Alors que les services de protection en ligne sont surchargés, les cyberviolences déchirent les réseaux sociaux et les comptes fisha explosent 2.

Ces comptes, qui se forment sur les réseaux sociaux, ont pour objet la diffusion de contenus à caractère sexuel de jeunes femmes, pour la plupart mineures, sans leur consentement. Sur ces images sont épinglés les noms des victimes, ainsi que leur âge, adresse, établissement scolaire, numéro de téléphone. Tout pour les retrouver. Très vite, ces comptes se créent par centaines, par région, par département, ville ou quartier.
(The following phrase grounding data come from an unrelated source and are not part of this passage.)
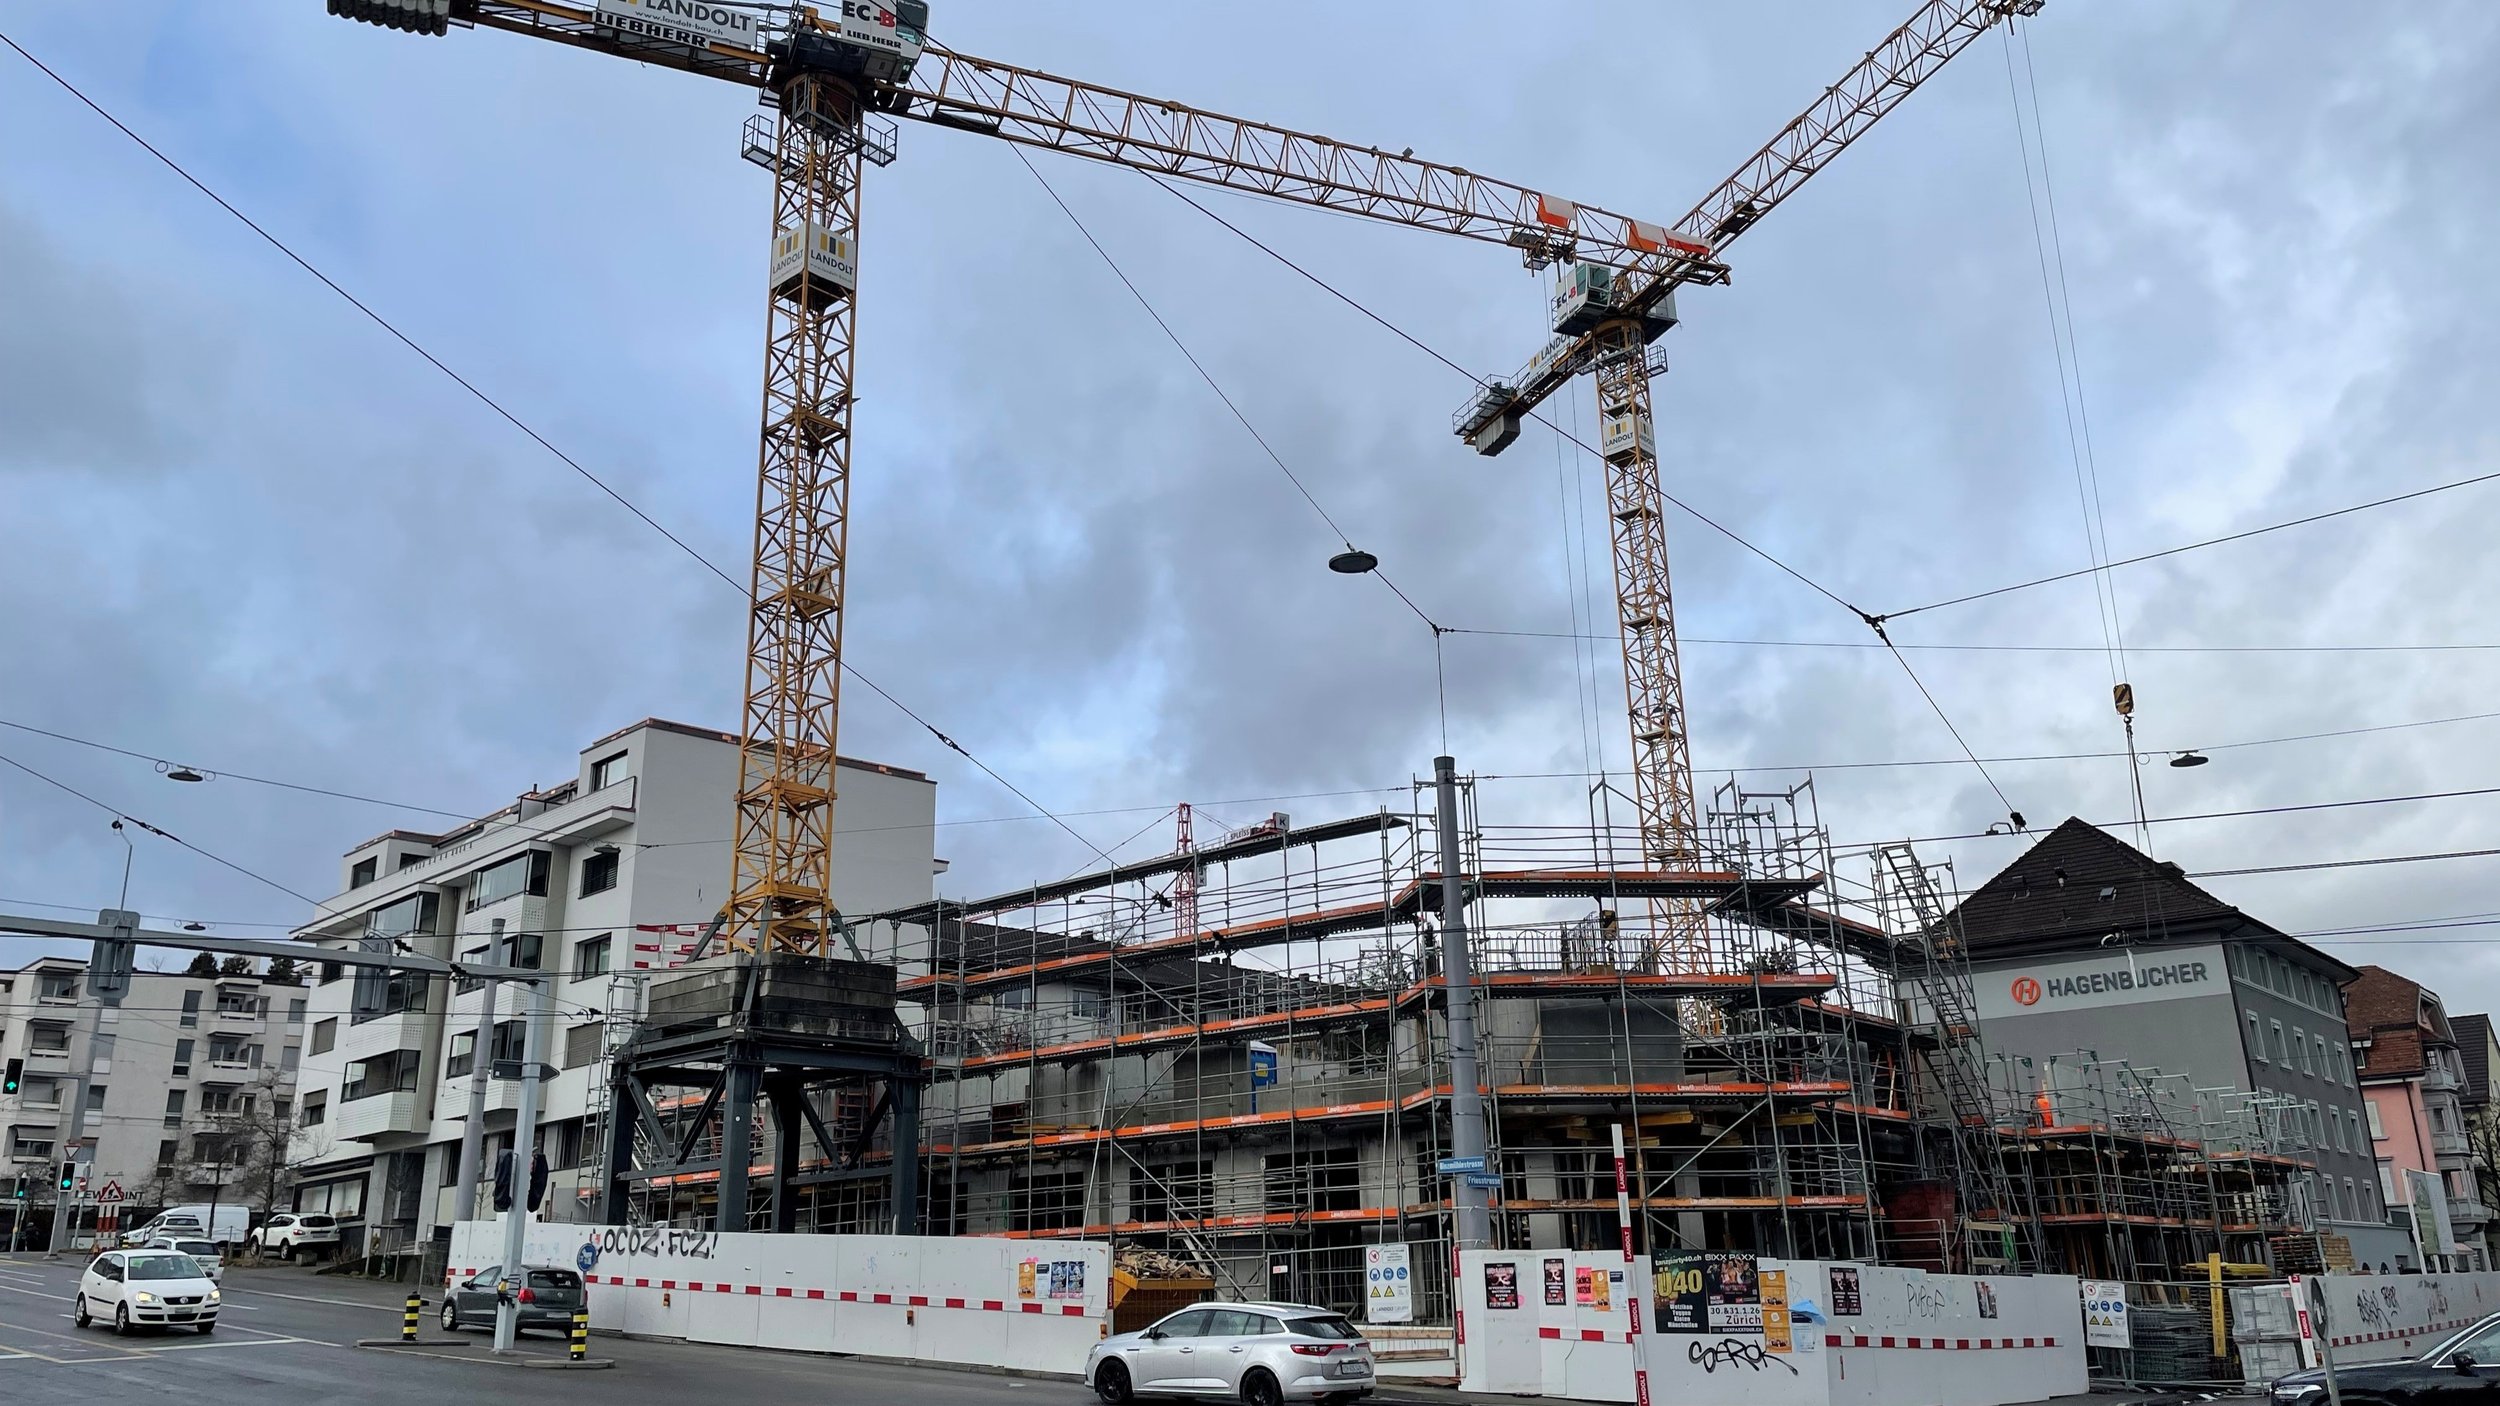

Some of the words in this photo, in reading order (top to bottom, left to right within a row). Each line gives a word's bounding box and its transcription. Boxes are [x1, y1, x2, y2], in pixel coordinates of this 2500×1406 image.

[645, 0, 752, 32] LANDOLT
[842, 0, 896, 28] EC-B
[596, 12, 706, 48] LIEBHERR
[772, 249, 804, 274] LANDOLT
[810, 249, 854, 275] LANDOLT
[1605, 432, 1634, 447] LANDOLT
[2047, 962, 2208, 998] HAGENBUCHER
[1617, 1161, 1625, 1190] LANDOLT
[1624, 1230, 1632, 1260] LANDOLT
[1704, 1253, 1727, 1261] SIXX
[1729, 1253, 1755, 1261] PAXX
[1654, 1255, 1702, 1266] tanzparty40.ch
[1656, 1266, 1703, 1297] Ü40
[1631, 1301, 1640, 1331] LANDOLT
[1725, 1314, 1762, 1325] Zürich
[2301, 1313, 2312, 1338] LANDOLT
[1639, 1373, 1649, 1405] LANDOLT
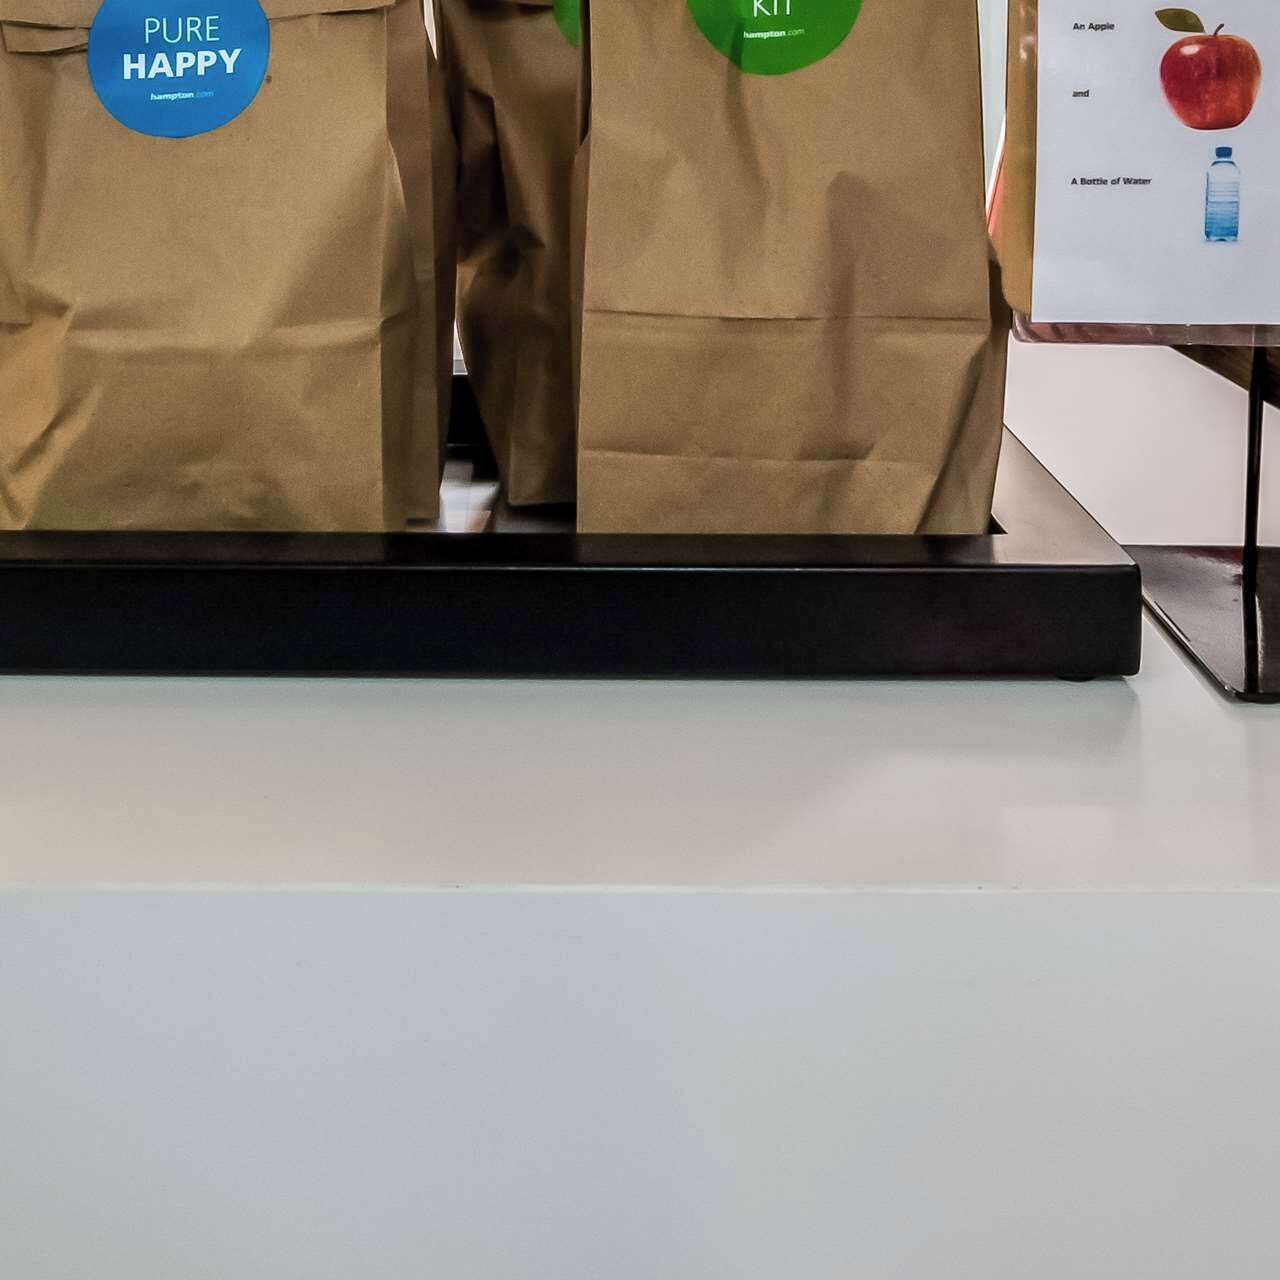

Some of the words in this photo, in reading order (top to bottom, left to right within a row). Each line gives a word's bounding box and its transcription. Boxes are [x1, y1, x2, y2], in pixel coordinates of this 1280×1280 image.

À la diffusion de ces images à caractère sexuel s’ajoutent du harcèlement et des menaces lorsque les jeunes femmes demandent à ce que les contenus soient supprimés. Des enregistrements vidéo de viols et d’agressions sexuelles sont aussi diffusés sur ces comptes.

L’objectif des comptes fisha ? Humilier, afficher. Si les comptes fisha existaient déjà, au mois d’avril 2020, ils réunissaient une communauté de plusieurs centaines de milliers de personnes. Le groupe Telegram3, le plus important, comptait à lui seul 233 000 membres4.

Sur un même compte, une dizaine d’infractions pénales peuvent être recensées. Les victimes se comptent par centaines.
Comme si, parce qu’on n’avait plus accès aux rues, ceux qui agressent les femmes et les personnes appartenant à des minorités de genre5 avaient trouvé un nouvel espace pour le faire : Internet.

Le 1er avril 2020, Élyse, 16 ans, victime d’un compte fisha, met fin à ses jours au Havre. Bien que virtuelles, ces violences ont de graves conséquences sur les victimes et force est de constater que les comptes fisha tuent.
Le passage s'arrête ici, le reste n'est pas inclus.